You don’t have to get zapped when you hire an electrical contractor. By doing a little homework you can find a qualified person to do the work within your budget. The first thing to decide is the nature of the project. Do you need an electrician for a rewiring job or a contractor to wire a building from the ground up?

Other considerations include the size of the building. Is it a small office or is a corporate office park? Do you need a contractor for a single project in one city or do you have multiple projects in different cities and states?

To find a contractor who specializes in the type of work your specific project calls for, a good place to start is the National Electrical Contractors Association. NECA boasts a 4,300-member database, broken down by type of contractor and size of project. That list can be narrowed by going to NECA’s Web site and clicking on the icon for finding a contractor. “A small business will want to work with a local contractor, whereas a large company with [project] locations all over the country may want to deal with a contractor that handles national accounts,” said Robert Colgan, director of the association.

But the size of the business requiring an electrical contractor is not what dictates the size of the contracting firm.

If a large company has only one project in one locale, it may want to consider working with a local contractor that can give it a personal level of service.

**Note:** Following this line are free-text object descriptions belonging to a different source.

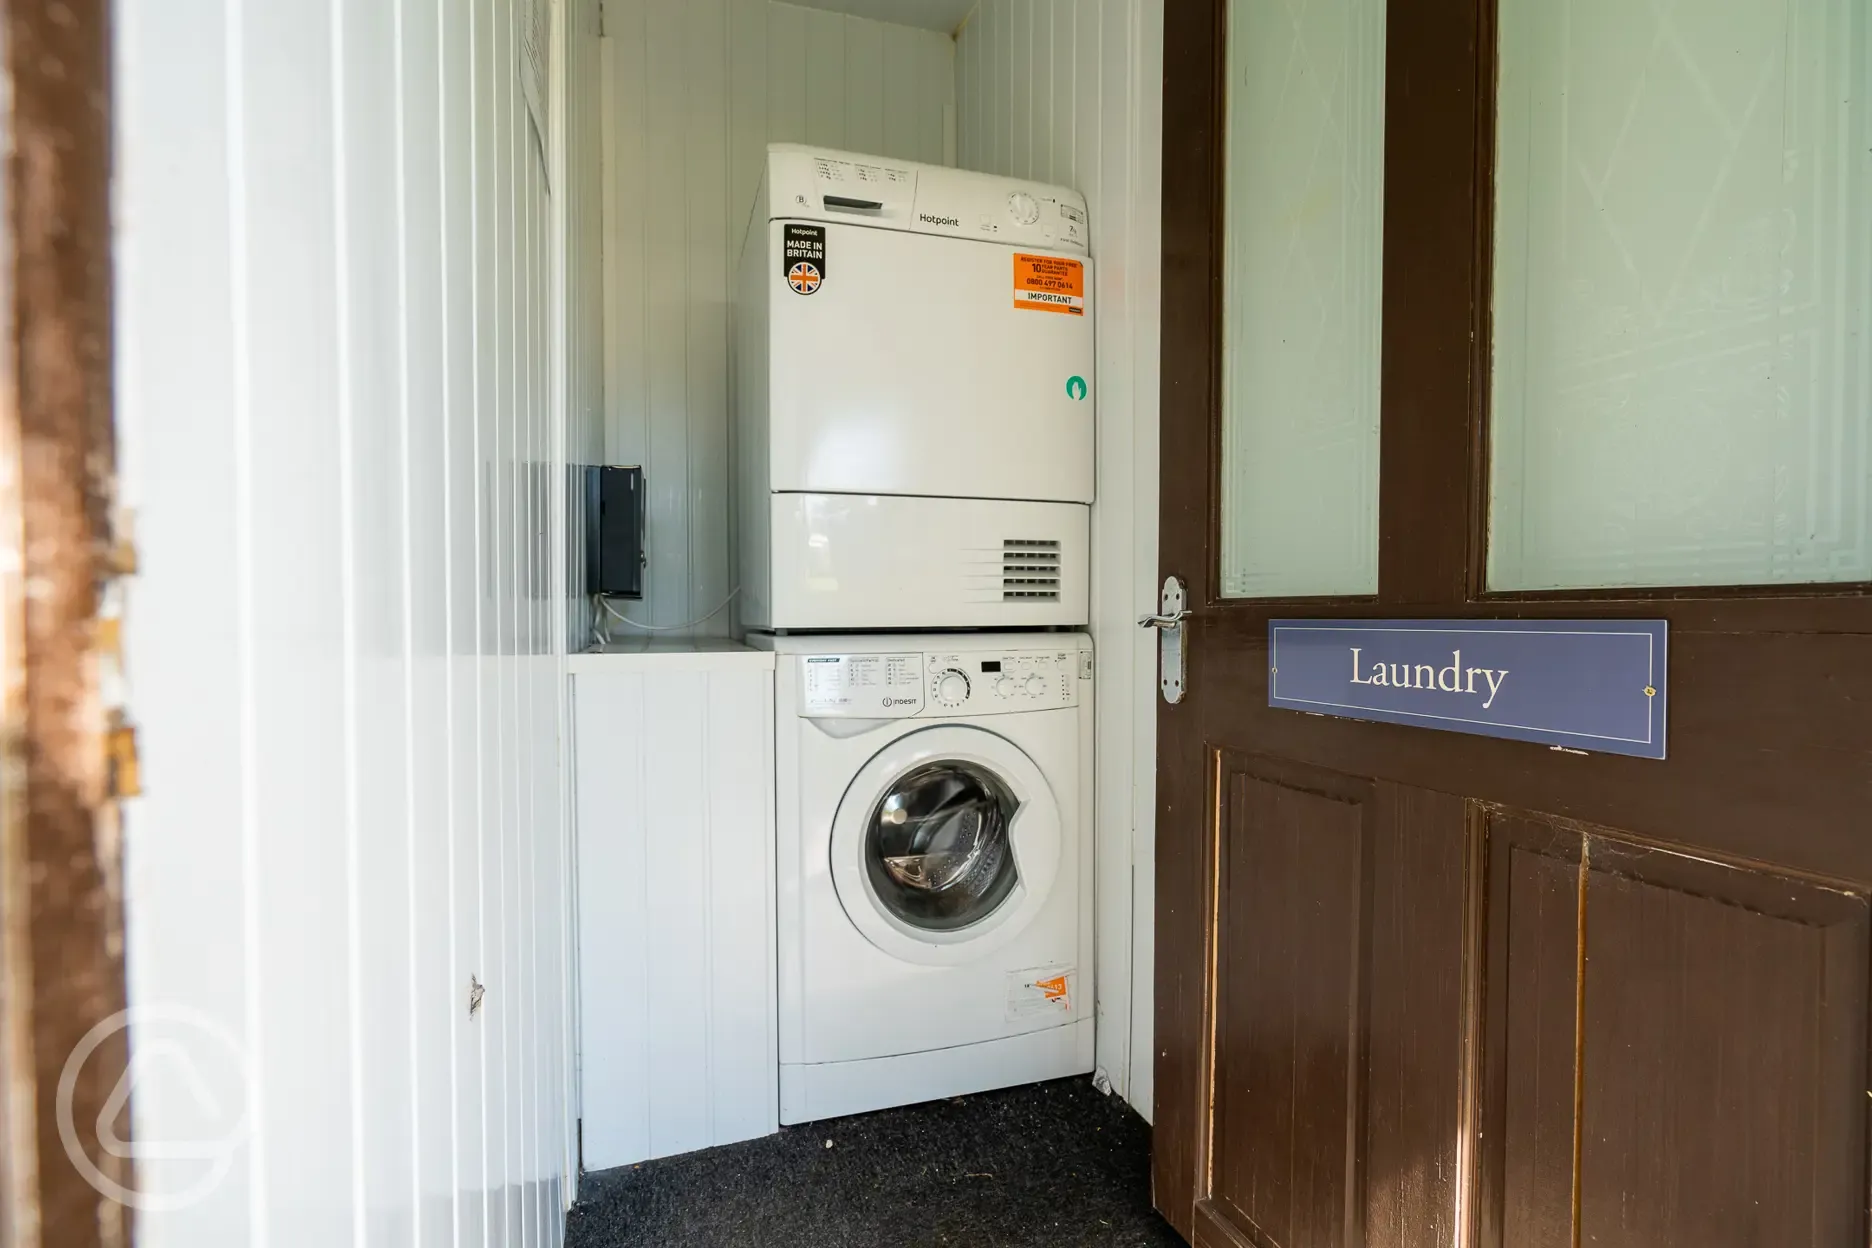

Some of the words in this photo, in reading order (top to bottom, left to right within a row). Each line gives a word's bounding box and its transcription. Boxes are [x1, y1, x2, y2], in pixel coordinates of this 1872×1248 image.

[919, 213, 959, 226] Hotpoint
[791, 228, 818, 236] Hotpoint
[787, 240, 812, 249] MADE
[813, 242, 822, 250] IN
[787, 249, 822, 259] BRITAIN
[1032, 264, 1041, 272] 10
[1028, 292, 1072, 304] IMPORTANT
[1349, 647, 1509, 709] Laundry

Whether it’s a large job or a small job, it’s important to hire someone qualified to do the job. ,p> “I think a track record is very important, an established track record of delivering — getting a job done on time and on budget,” said Jim Spellane, spokesman for the International Brotherhood of Electrical Workers.

The IBEW Web site offers links to union shop contractors throughout the country and the Independent Electrical Contractor Association’s Web site offers lists of qualified nonunion contractors.

Whether you decide to hire a merit shop contractor or a union contractor, choose one who is experienced in the type of work your project calls for. Again, both the IBEW and the IECA can offer assistance in finding a qualified contractor in your area or one who is capable of handling jobs in more than one area.

Don’t just look at one contractor. Get multiple bids before choosing and don’t make your decision based solely on who submits the lowest bid.

“Cost is not always an indication of which contractor you should choose,” Spellane said. “Look at the one who has the most experience, the most qualified work force.”

Choosing a contractor who doesn’t have a proven track record with the type of project you need done can mean cost overruns or even having to bring in another contractor if the job isn’t done right the first time.